BEGIN Data to process

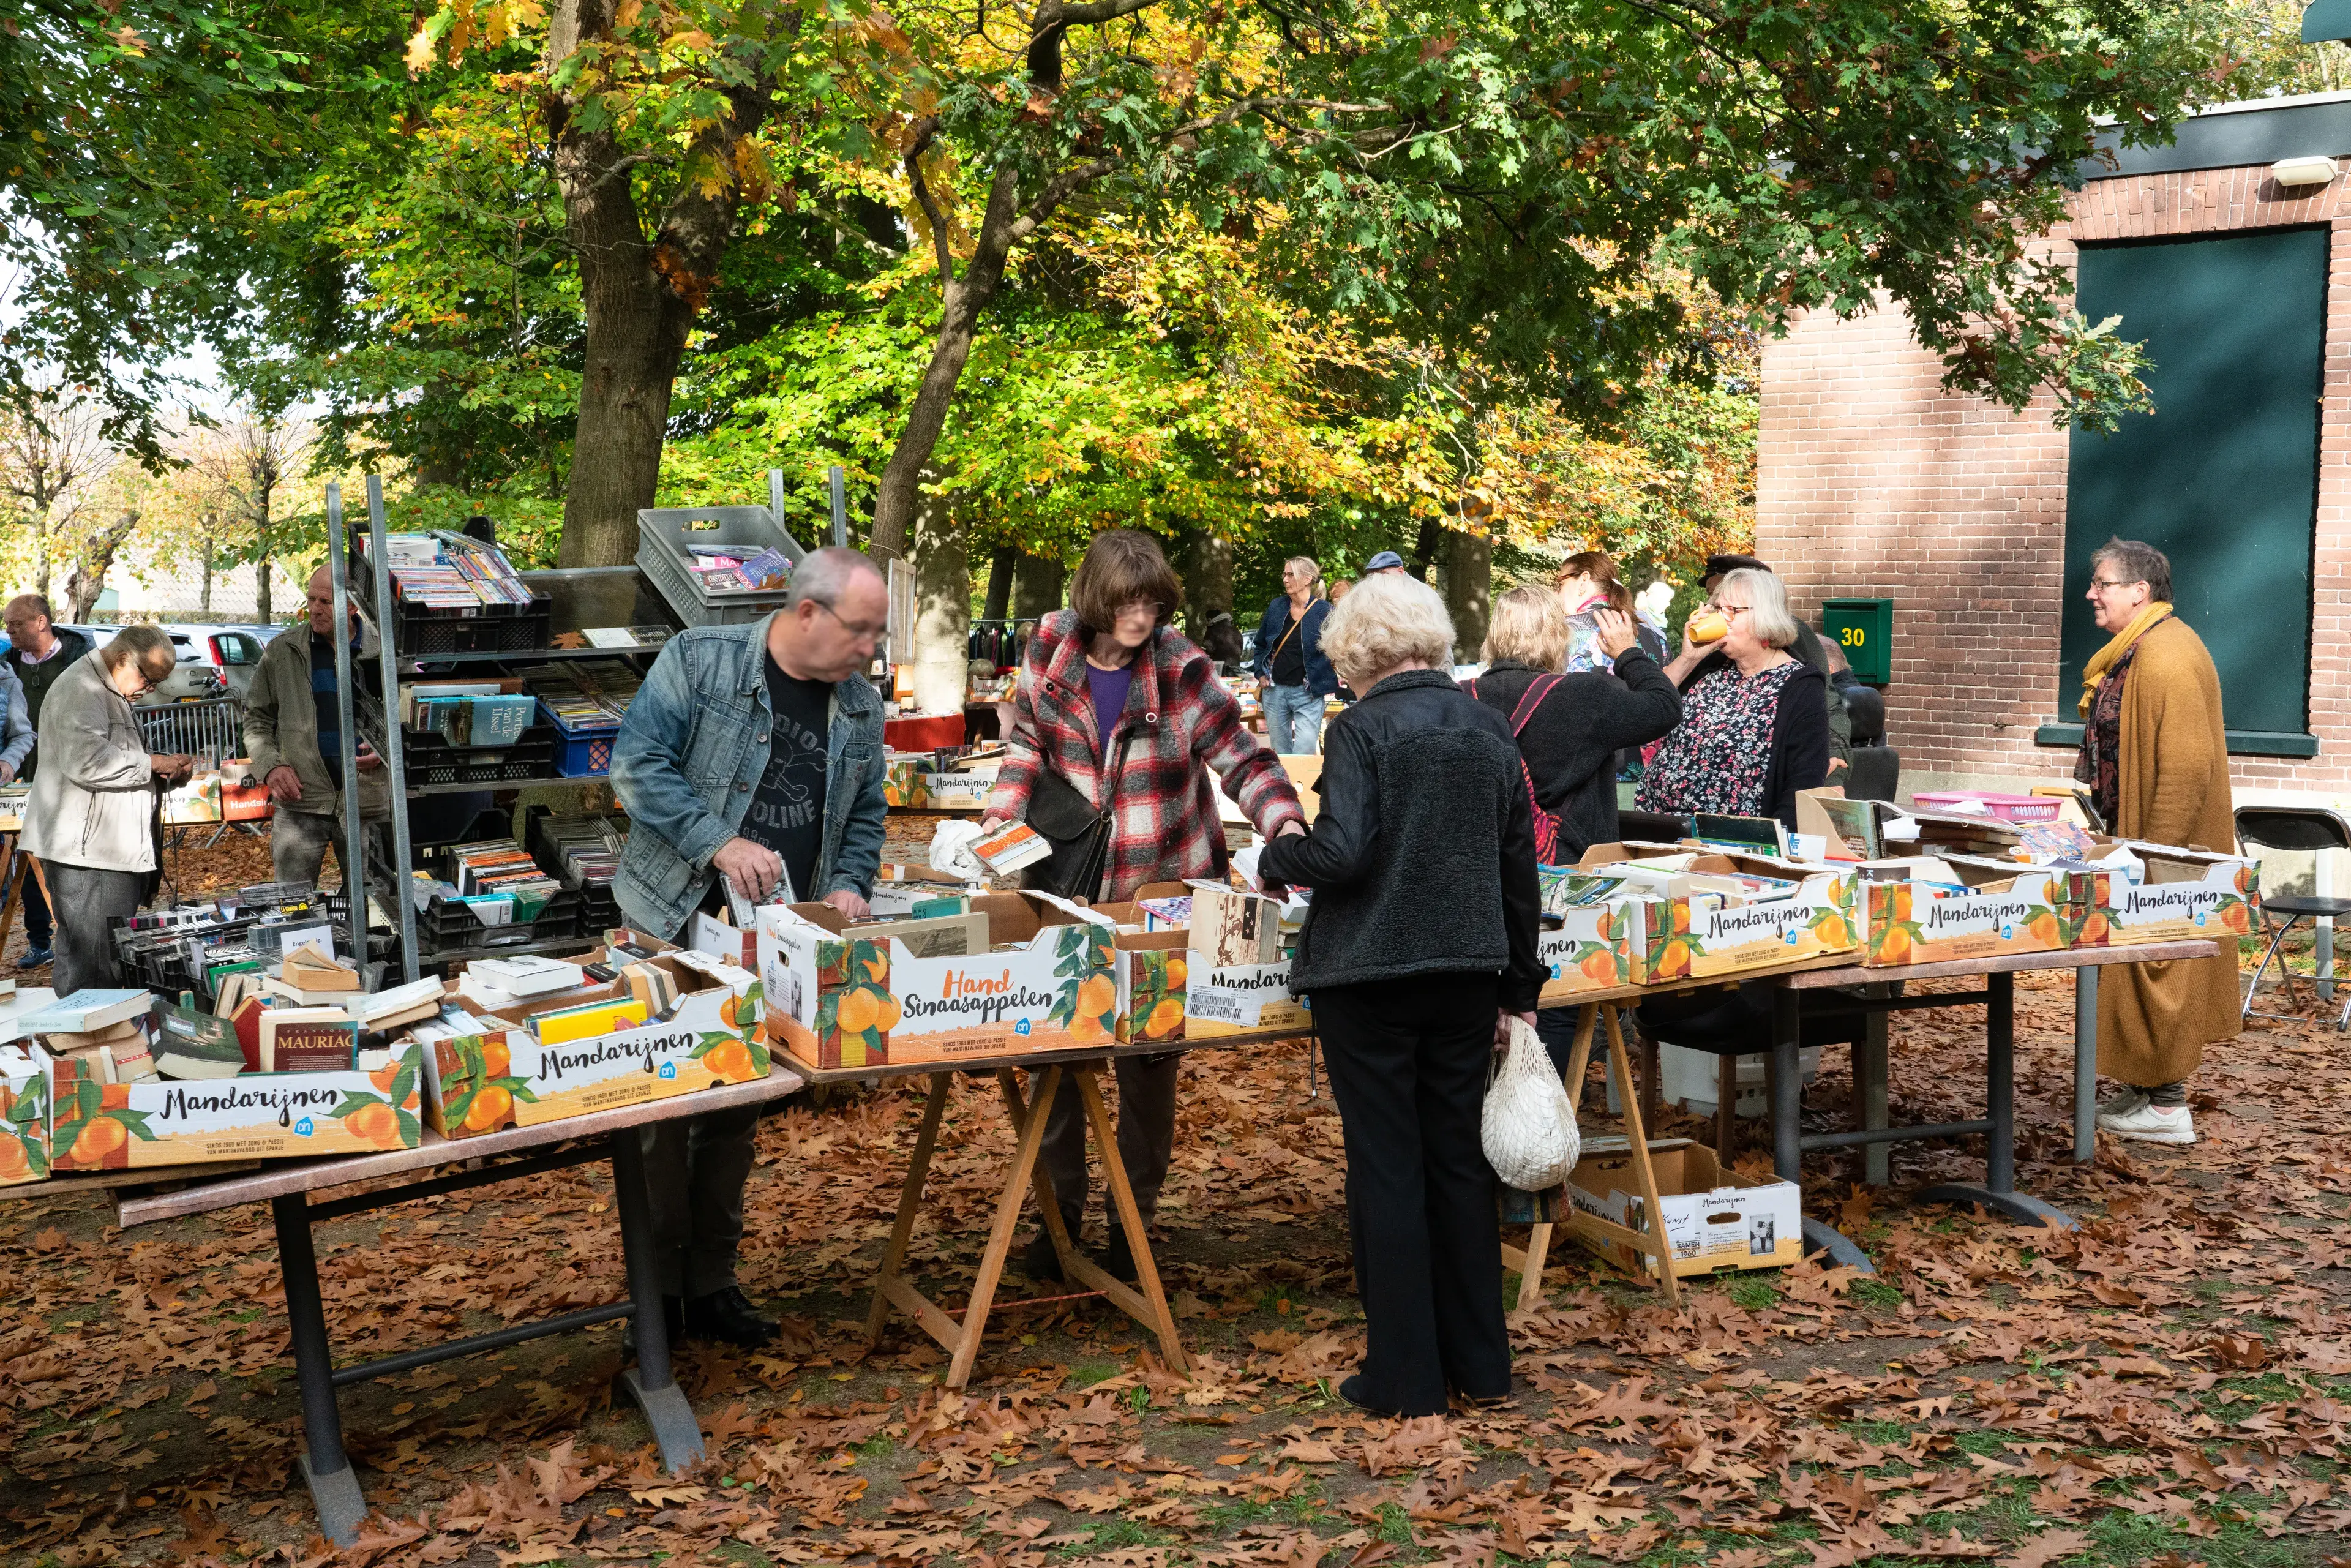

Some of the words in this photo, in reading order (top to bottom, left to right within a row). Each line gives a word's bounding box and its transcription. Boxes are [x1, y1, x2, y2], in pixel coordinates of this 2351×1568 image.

[1841, 628, 1864, 646] 30
[503, 708, 512, 724] van
[502, 726, 513, 738] de
[774, 713, 818, 751] DIO
[935, 777, 988, 795] Mandarijnen
[872, 891, 907, 903] Mandarijnen
[2124, 890, 2217, 919] Mandarijnen
[1707, 907, 1809, 939] Mandarijnen
[1928, 902, 2025, 932] Mandarijnen
[943, 969, 1015, 999] Hand
[1211, 970, 1292, 993] Mandari
[903, 986, 1052, 1024] Sinaasappelen
[277, 1034, 356, 1049] MAURIAC
[537, 1033, 694, 1081] Mandarijnen
[160, 1086, 337, 1127] Mandarijnen
[1702, 1197, 1745, 1209] Mandarijnen
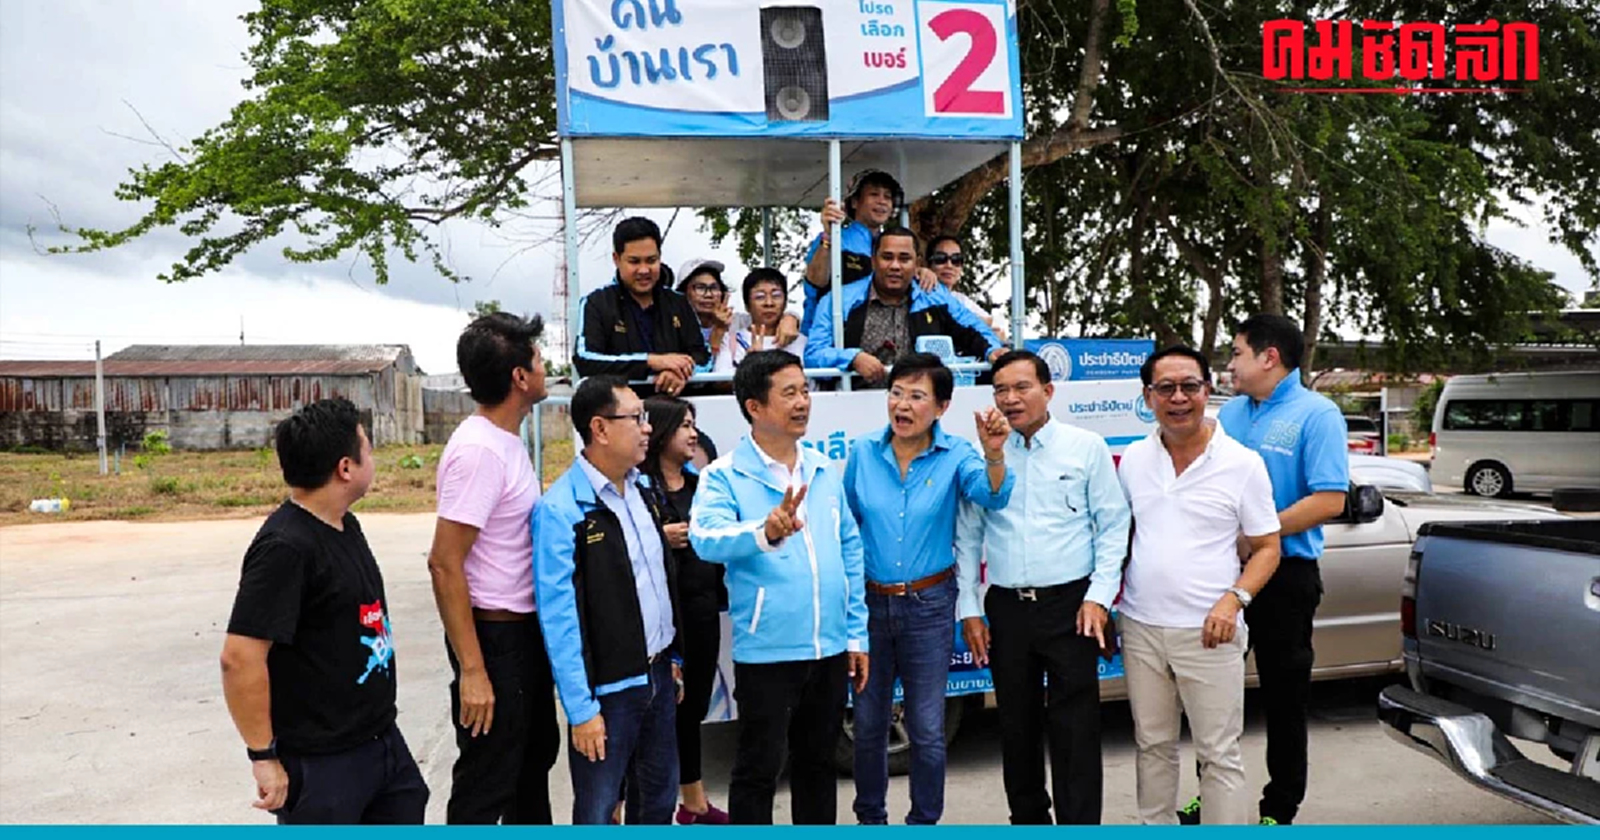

END Data to process

# Activity:
Apart from the pictures, which are to be omitted, every record must be transcribed exactly.

# Response to this task:
Some of the words in this photo, in reading order (top to bottom, left to right within a row). Each line gives a word's bounding box and its transcription. Boxes are [x1, y1, x2, y2], in pixel coordinates of this 2351×1568 image.

[1841, 628, 1864, 646] 30
[503, 708, 512, 724] van
[502, 726, 513, 738] de
[774, 713, 818, 751] DIO
[935, 777, 988, 795] Mandarijnen
[872, 891, 907, 903] Mandarijnen
[2124, 890, 2217, 919] Mandarijnen
[1707, 907, 1809, 939] Mandarijnen
[1928, 902, 2025, 932] Mandarijnen
[943, 969, 1015, 999] Hand
[1211, 970, 1292, 993] Mandari
[903, 986, 1052, 1024] Sinaasappelen
[277, 1034, 356, 1049] MAURIAC
[537, 1033, 694, 1081] Mandarijnen
[160, 1086, 337, 1127] Mandarijnen
[1702, 1197, 1745, 1209] Mandarijnen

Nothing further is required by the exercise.